= WORK REQUIRED =
Transcribe the records below line by line, exactly as they read.

= EXERCISE DATA =

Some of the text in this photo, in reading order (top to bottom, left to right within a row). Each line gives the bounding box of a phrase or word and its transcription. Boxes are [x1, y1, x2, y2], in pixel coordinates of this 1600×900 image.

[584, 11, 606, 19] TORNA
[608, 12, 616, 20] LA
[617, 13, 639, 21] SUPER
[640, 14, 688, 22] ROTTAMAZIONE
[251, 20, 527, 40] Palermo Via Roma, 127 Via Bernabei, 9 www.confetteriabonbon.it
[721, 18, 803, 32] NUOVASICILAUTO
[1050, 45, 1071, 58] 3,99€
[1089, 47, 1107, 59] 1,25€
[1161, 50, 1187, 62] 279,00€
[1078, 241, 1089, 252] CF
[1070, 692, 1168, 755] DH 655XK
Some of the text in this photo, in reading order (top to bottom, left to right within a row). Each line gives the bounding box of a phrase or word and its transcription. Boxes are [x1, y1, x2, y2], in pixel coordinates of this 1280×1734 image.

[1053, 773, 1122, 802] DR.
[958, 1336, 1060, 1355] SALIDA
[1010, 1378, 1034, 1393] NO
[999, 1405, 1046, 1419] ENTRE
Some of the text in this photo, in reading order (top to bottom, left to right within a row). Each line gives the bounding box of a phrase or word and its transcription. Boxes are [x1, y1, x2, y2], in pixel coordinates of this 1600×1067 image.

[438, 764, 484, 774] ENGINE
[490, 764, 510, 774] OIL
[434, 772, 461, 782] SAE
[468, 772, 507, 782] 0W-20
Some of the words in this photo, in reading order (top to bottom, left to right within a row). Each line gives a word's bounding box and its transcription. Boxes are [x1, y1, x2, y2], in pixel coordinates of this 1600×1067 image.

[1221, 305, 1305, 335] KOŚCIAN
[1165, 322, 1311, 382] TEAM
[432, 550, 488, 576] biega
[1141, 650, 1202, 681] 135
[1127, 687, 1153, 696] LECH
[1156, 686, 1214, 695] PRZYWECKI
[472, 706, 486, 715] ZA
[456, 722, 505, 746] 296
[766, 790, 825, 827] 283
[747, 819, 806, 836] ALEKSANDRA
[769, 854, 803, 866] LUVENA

= RESULT FOR THIS EXERCISE =
Some of the text in this photo, in reading order (top to bottom, left to right within a row). Each line gives the bounding box of a phrase or word and its transcription. Boxes are [x1, y1, x2, y2], in pixel coordinates of this 1600×900 image.

[584, 11, 606, 19] TORNA
[608, 12, 616, 20] LA
[617, 13, 639, 21] SUPER
[640, 14, 688, 22] ROTTAMAZIONE
[251, 20, 527, 40] Palermo Via Roma, 127 Via Bernabei, 9 www.confetteriabonbon.it
[721, 18, 803, 32] NUOVASICILAUTO
[1050, 45, 1071, 58] 3,99€
[1089, 47, 1107, 59] 1,25€
[1161, 50, 1187, 62] 279,00€
[1078, 241, 1089, 252] CF
[1070, 692, 1168, 755] DH 655XK
Some of the text in this photo, in reading order (top to bottom, left to right within a row). Each line gives the bounding box of a phrase or word and its transcription. Boxes are [x1, y1, x2, y2], in pixel coordinates of this 1280×1734 image.

[1053, 773, 1122, 802] DR.
[958, 1336, 1060, 1355] SALIDA
[1010, 1378, 1034, 1393] NO
[999, 1405, 1046, 1419] ENTRE
Some of the text in this photo, in reading order (top to bottom, left to right within a row). Each line gives the bounding box of a phrase or word and its transcription. Boxes are [x1, y1, x2, y2], in pixel coordinates of this 1600×1067 image.

[438, 764, 484, 774] ENGINE
[490, 764, 510, 774] OIL
[434, 772, 461, 782] SAE
[468, 772, 507, 782] 0W-20
Some of the words in this photo, in reading order (top to bottom, left to right within a row). Each line gives a word's bounding box and its transcription. Boxes are [x1, y1, x2, y2], in pixel coordinates of this 1600×1067 image.

[1221, 305, 1305, 335] KOŚCIAN
[1165, 322, 1311, 382] TEAM
[432, 550, 488, 576] biega
[1141, 650, 1202, 681] 135
[1127, 687, 1153, 696] LECH
[1156, 686, 1214, 695] PRZYWECKI
[472, 706, 486, 715] ZA
[456, 722, 505, 746] 296
[766, 790, 825, 827] 283
[747, 819, 806, 836] ALEKSANDRA
[769, 854, 803, 866] LUVENA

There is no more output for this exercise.